Your characterisation of Hugo and Anslee was lovely. I really like the fact that you chose to write this with Hugo as the male character as there are so few stories featuring him - and I like it even more because he's not the perfect pin-up sort of guy. I loved him at the beginning, as the cheeky eleven year old, asking all these questions and being nosy. He reminded me of Ron on the train with Harry - a classic Weasley! The character development through the story was really good as well, which definitely isn't easy to manage in a one-shot.

The two of them are just so cute! I loved the way that he asked her out and was adorably nervous, and the way that you could see the relationship developing and evolving through the story. One of the things that's great here is that you don't really introduce anything unnecessary to the story. The camera's obviously the main focal point, with Anslee looking at the pictures, but the car is also important, as that brings it round to the end.

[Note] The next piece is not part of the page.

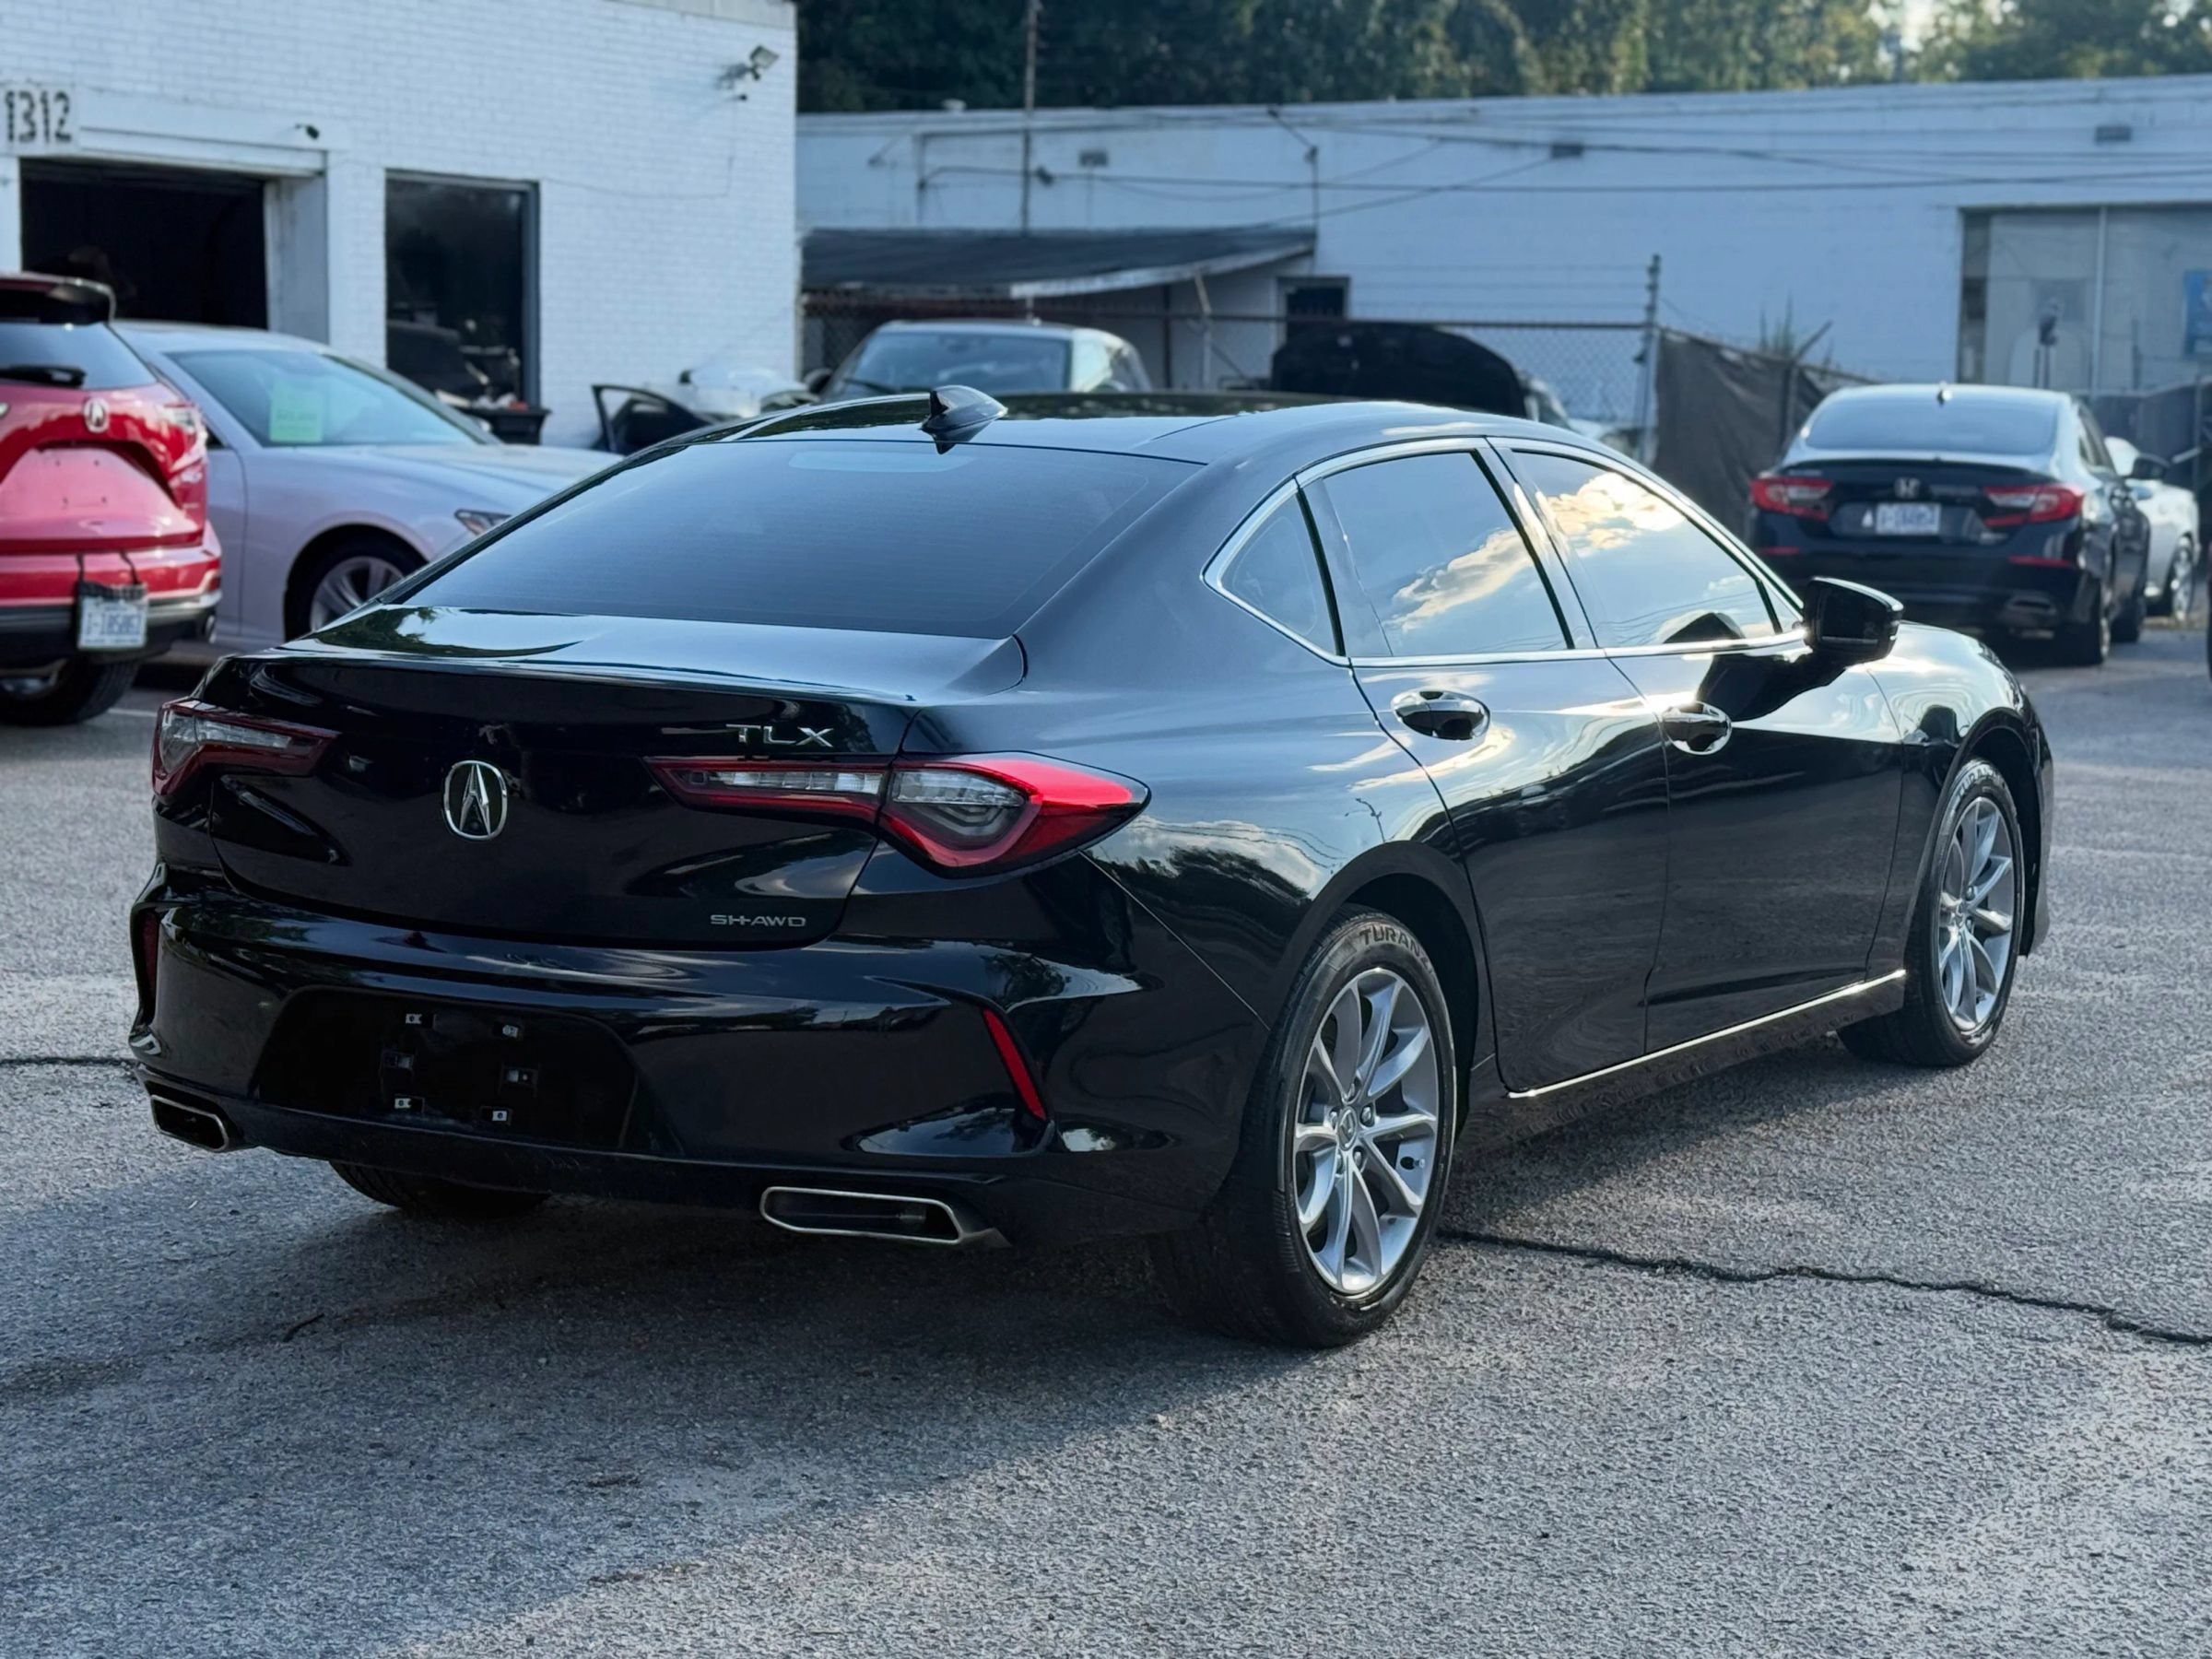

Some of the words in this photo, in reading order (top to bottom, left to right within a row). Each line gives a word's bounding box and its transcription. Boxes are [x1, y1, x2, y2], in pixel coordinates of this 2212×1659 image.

[5, 90, 72, 143] 1312
[725, 724, 833, 747] TLX
[710, 913, 806, 927] SH-AWD

I actually think that this is the first time I've read a fanfiction where the wizard or witch was killed in a Muggle way. I really didn't want Hugo to die, but I knew that he was going to... it made me cry, and that's because of how well you wrote it. I could feel Anslee's pain and despair as she was taken from the car and had to leave Hugo behind. But I think the fact that you chose to have Hugo killed by a drunk driver is extremely effective and poignant - it's something that resonates with the reader because it's a tragedy that occurs far too often, and most people know, or know of, someone who has died in a similarly tragic way.

The ending was also brilliantly crafted. You weaved the quotes in really well - if they hadn't been in bold I wouldn't have noticed them at all - but I loved the way that you brought the piece full circle; at the beginning, Anslee says it should be therapeutic, and at the end she realises it hasn't been. It really helped me to feel like the story was complete and left me satisfied - if sad - with the ending. I'm so pleased we got paired together for the exchange!

Sian :)

Author's Response: Hi Sian! Wow, this review really left me smiling like an idiot. :)

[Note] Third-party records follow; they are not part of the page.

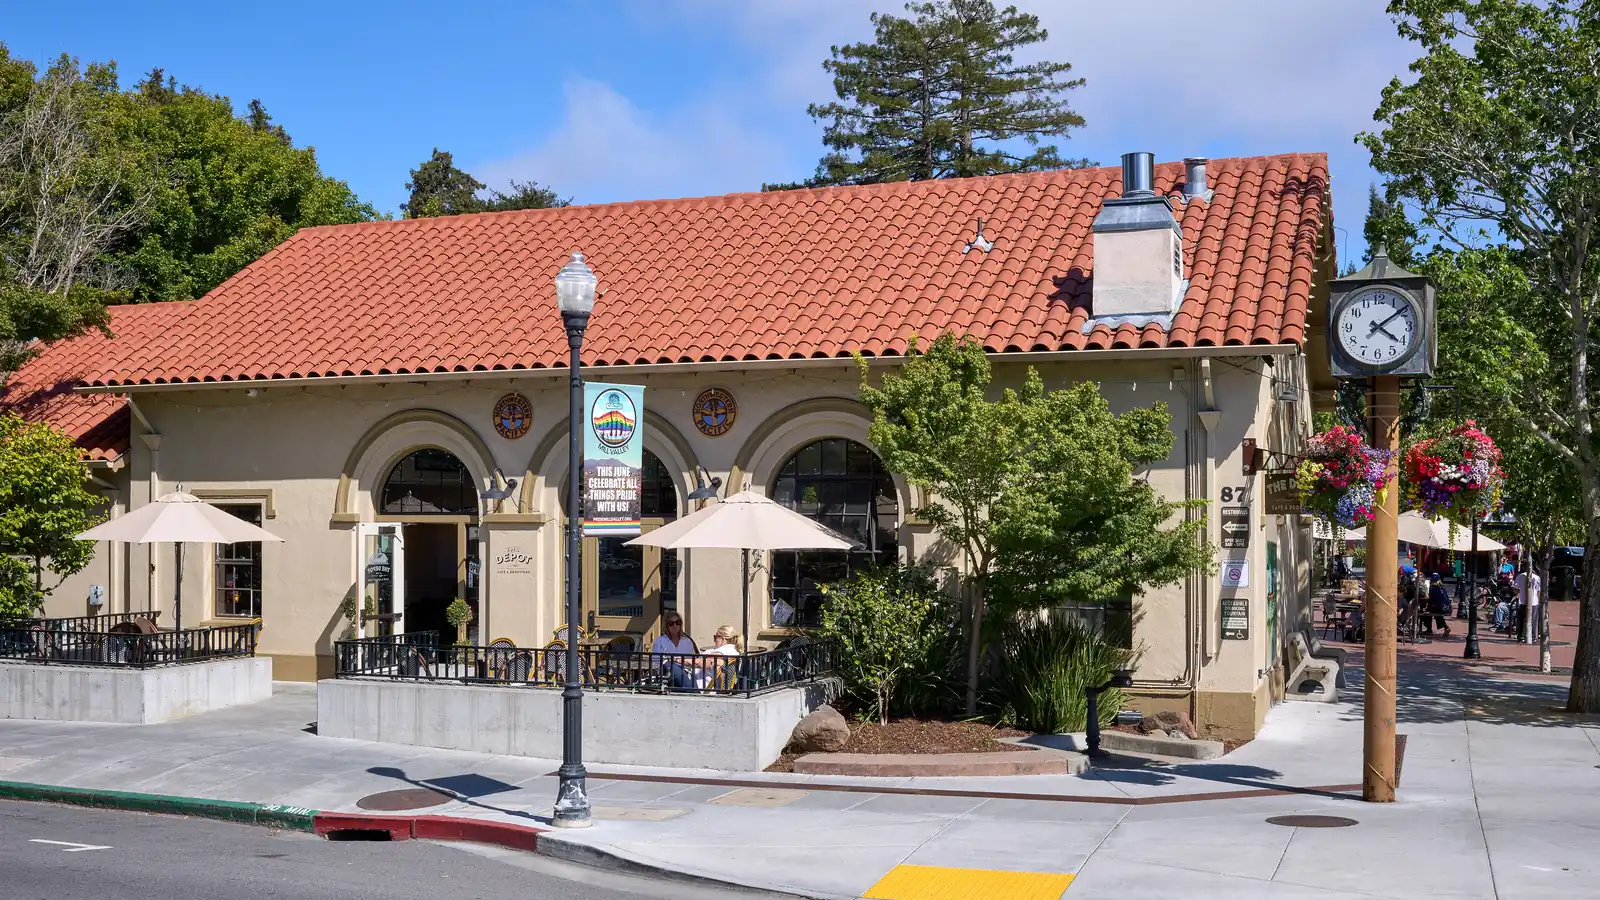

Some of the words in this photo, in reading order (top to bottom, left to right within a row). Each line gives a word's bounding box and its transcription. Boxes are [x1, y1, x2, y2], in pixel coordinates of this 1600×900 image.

[1363, 299, 1369, 308] 11
[1374, 294, 1385, 305] 12
[1392, 297, 1395, 308] 1
[1351, 308, 1361, 318] 10
[1401, 308, 1408, 317] 2
[1345, 323, 1352, 333] 9
[1405, 321, 1412, 331] 3
[1350, 335, 1357, 346] 8
[1399, 335, 1406, 345] 4
[1360, 345, 1367, 356] 7
[1374, 349, 1381, 359] 6
[1389, 346, 1396, 355] 5
[495, 423, 528, 437] PACIFIC
[697, 419, 732, 434] PACIFIC
[597, 443, 610, 455] MILL
[610, 444, 629, 455] VALLEY
[597, 467, 612, 476] THIS
[614, 467, 630, 476] JUNE
[588, 478, 625, 488] CELEBRATE
[626, 478, 637, 488] ALL
[1267, 479, 1287, 495] THE
[590, 490, 615, 500] THINGS
[616, 490, 636, 500] PRIDE
[1220, 486, 1246, 502] 87
[597, 502, 615, 511] WITH
[617, 502, 629, 511] US!
[496, 553, 532, 564] DEPOT
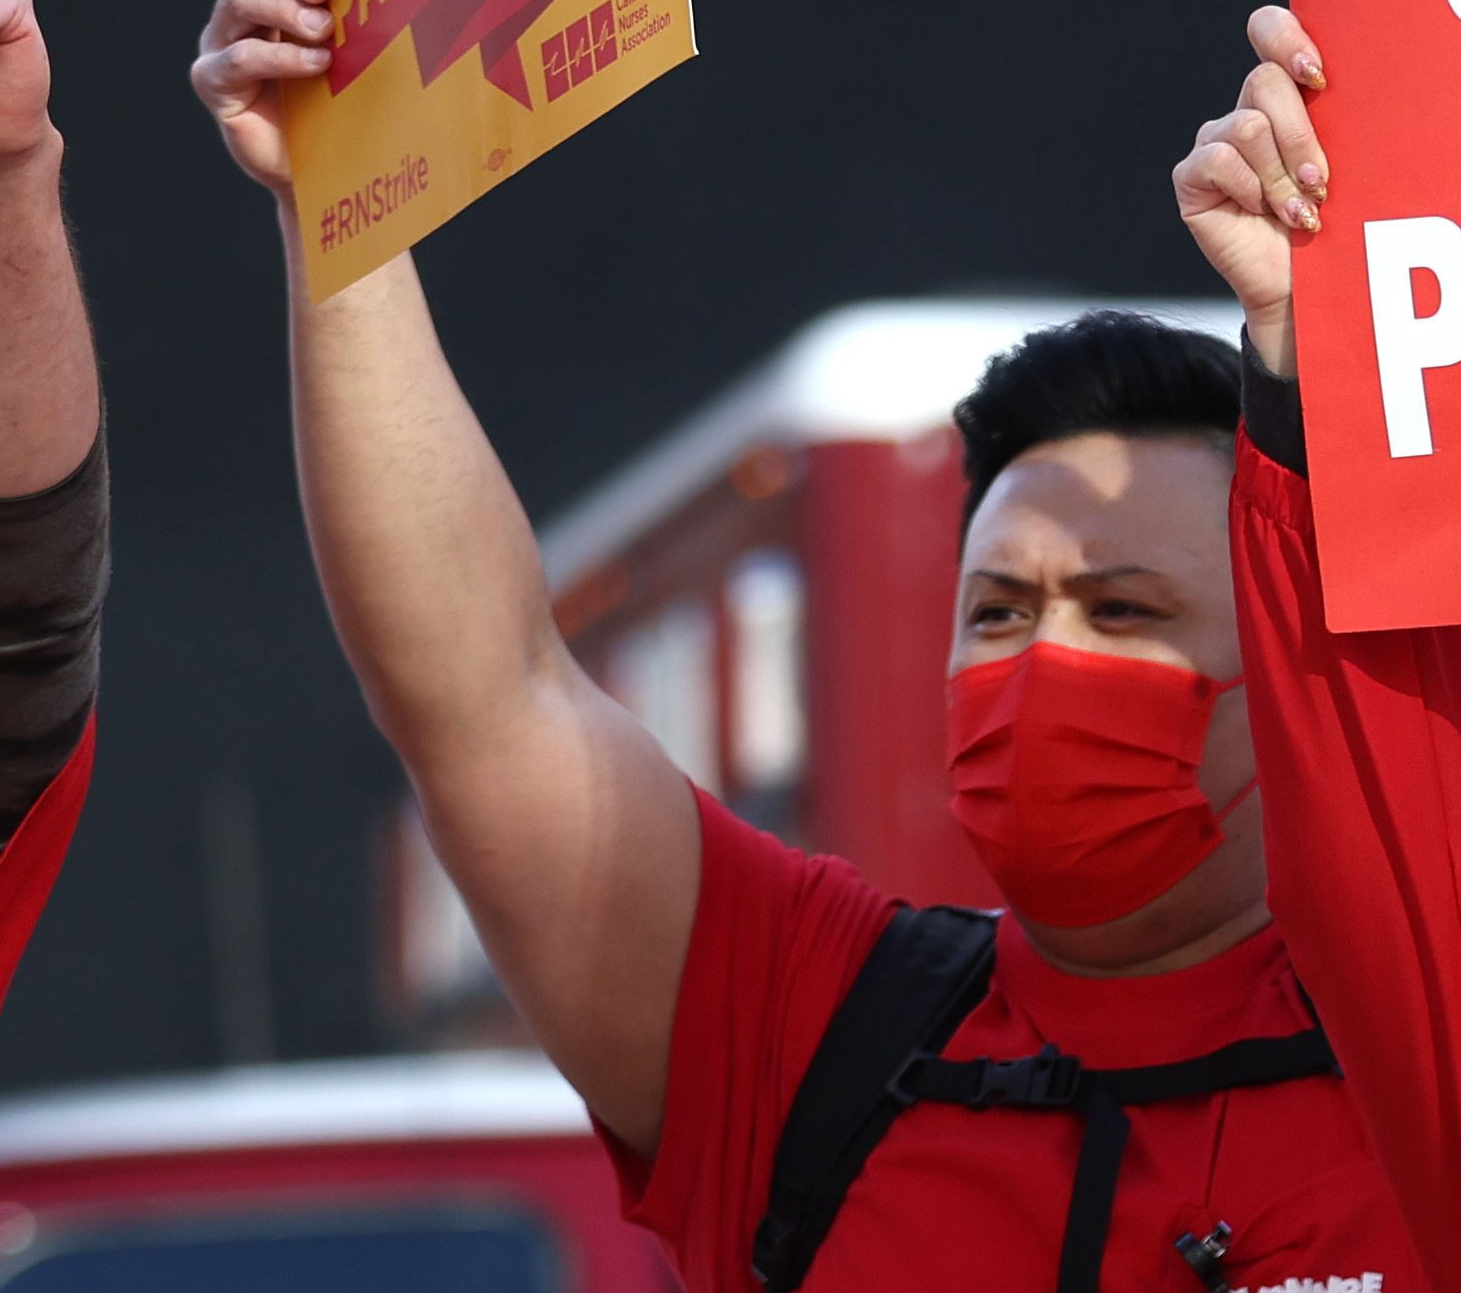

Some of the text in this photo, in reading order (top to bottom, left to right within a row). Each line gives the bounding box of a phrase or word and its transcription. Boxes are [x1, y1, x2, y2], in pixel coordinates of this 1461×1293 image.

[619, 4, 649, 33] Nurses
[621, 12, 671, 56] Association
[319, 153, 429, 254] #RNStrike

This story was fun to write, in that it combines the really fluffy parts of a story with tragedy, and I'm glad you noticed them both here! I did use a little bit of foreshadowing throughout, as you seemed to notice as well!

When I was coming up with the framework for this story, I almost immediately decided that I wanted it to feature Hugo. I've always pictured him as a bit quirky and silly, so I really tried to capture that here.

As far as not introducing anything unnecessary, that actually came mostly from my fear of this one-shot getting too long! I knew from the beginning that this was going to be a bit longer than the usual one-shot I write, so I really wanted to plan it out well and make sure I didn't write too much.

Wizards always seem to die in these bold, magical ways, but in the real world, something as simple as someone who's had too much to drink behind the wheel of a car can cut off a life like that. I think that's why I incorporated the crash in here - to make it more human.

I'm glad you think the quotes were weaved in well, and that it wrapped up nicely. Thanks so much for this lovely review!

-ShadowRose (Taylor)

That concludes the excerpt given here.